Freedom Tower, New York

Riciclarsi

“Svegliaaaa! Muoversi…Il caffè è bollente”
“Cazzo, non c’era bisogno di urlare. Guarda che mi sveglio lo stesso. Ecco, visto, sono in piedi. Fanculo ai tuoi modi. Merda, stavo così bene”. E davvero mi sentivo bene, come sempre quando dormo. Ma Rudy non lo capisce. Lui odia dormire. Se il fisico gli reggesse eliminerebbe il sonno, una due ore ma poi riparte con la sua parlantina e sembra non volersi mai fermare.
“Hey poltrona! Guarda che Carlos, Josè e Pablo stanno depositando la spazzatura. È ora di cominciare la caccia al tesoro”.
Ogni notte la stessa storia. Rudy mi porta la solita tazza usa e getta piena di caffè nero. Siamo pronti a servirvi c’è scritto sul cartone sotto l’Empire State Building, e io mi sento davvero un po’ servita. Mi appoggia sulla panchina alcune buste di plastica grandi e trasparenti e parla. E mentre lui parla io riemergo dal mio solito sogno e mi rendo conto che non sono a casa, non sono nel mio letto, non sono con Jo. Guardo Rudy, bevo il caffè e sento i rumori del grande carrello pieno dei sacchi di spazzatura spinto da Carlos verso il ciglio della strada. Anche gli altri operai emergono dai vari palazzi che affacciano su Central Park. Tutti spingono i carrelli e li svuotano posando i grandi sacconi neri di immondizia sul marciapiede. Sono i rifiuti delle migliaia di persone che vivono in questo complesso di appartamenti. Quattro palazzi, ognuno di venti piani, ogni piano dieci appartamenti. Ogni notte nei seminterrati gli inservienti consolidano la spazzatura e la depositano fuori. All’alba è pronta per essere ritirata dai camion dell’immondizia.

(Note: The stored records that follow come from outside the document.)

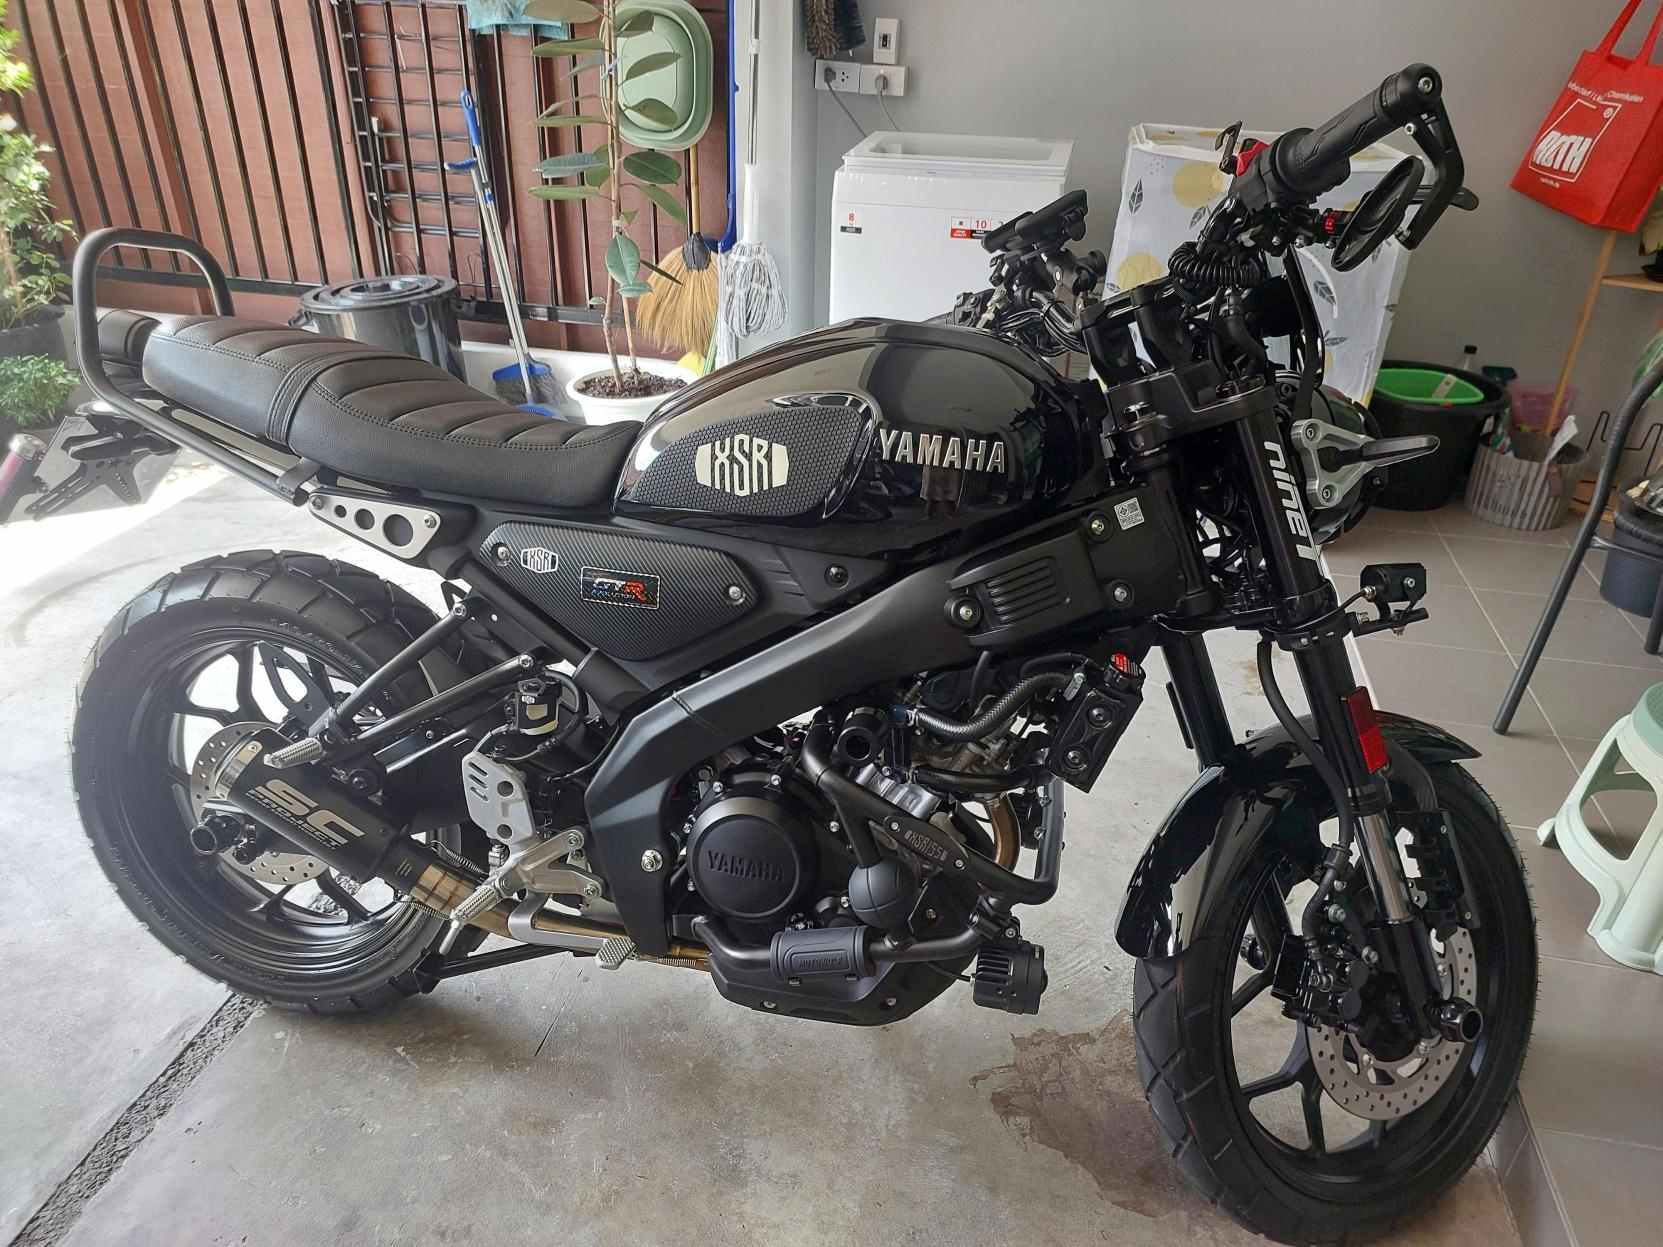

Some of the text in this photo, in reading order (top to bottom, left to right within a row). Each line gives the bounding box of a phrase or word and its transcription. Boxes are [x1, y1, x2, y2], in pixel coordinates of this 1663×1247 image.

[1532, 130, 1593, 173] ROTH
[975, 219, 987, 229] 10
[712, 433, 771, 497] XSR
[879, 427, 1005, 474] YAMAHA
[527, 547, 552, 573] XSR
[253, 778, 366, 845] SC
[706, 849, 785, 883] YAMAHA

Ma nel frattempo comincia il mio lavoro.
“Merda, scotta, potevi almeno metterci la fascetta di cartone. Figurati se ci pensavi”. Il caffè newyorkese è sempre ustionante, che poi se è inverno fa anche piacere, specialmente quando dormi su una panchina. Ti arriva quella tazza di cartone calda tra le mani e te la rigiri un po’ per riprendere i sensi, poi sorseggi e la caffeina entra in circolo per darti il carburante e la spinta a muoverti.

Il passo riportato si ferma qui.